- [TASK BRIEF] Find the line that contains "this 1512×1344 image.". Output it and every line after it to the end of the records, exactly as they appear.

- [Source records]
------------------------------

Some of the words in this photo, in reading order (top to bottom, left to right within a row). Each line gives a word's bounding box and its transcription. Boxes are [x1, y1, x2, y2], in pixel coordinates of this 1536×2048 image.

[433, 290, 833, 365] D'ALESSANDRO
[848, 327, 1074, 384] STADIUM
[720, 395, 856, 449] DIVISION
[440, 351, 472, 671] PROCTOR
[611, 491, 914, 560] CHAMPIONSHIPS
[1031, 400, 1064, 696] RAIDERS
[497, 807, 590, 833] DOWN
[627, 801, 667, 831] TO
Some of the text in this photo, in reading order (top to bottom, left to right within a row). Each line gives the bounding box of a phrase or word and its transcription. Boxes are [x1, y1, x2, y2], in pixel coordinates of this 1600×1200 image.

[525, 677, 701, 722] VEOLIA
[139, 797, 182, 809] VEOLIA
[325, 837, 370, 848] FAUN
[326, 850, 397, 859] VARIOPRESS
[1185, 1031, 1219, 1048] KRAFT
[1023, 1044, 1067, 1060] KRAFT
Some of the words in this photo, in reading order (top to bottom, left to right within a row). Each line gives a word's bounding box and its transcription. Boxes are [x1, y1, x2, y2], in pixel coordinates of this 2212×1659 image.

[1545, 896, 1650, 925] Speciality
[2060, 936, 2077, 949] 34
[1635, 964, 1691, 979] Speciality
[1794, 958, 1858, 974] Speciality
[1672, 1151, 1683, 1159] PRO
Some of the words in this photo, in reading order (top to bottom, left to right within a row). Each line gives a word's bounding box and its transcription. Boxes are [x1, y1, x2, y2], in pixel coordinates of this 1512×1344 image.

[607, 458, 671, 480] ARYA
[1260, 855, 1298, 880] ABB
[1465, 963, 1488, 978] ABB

------------------------------

- [FINISHED TASK]
Some of the words in this photo, in reading order (top to bottom, left to right within a row). Each line gives a word's bounding box and its transcription. Boxes are [x1, y1, x2, y2], in pixel coordinates of this 1512×1344 image.

[607, 458, 671, 480] ARYA
[1260, 855, 1298, 880] ABB
[1465, 963, 1488, 978] ABB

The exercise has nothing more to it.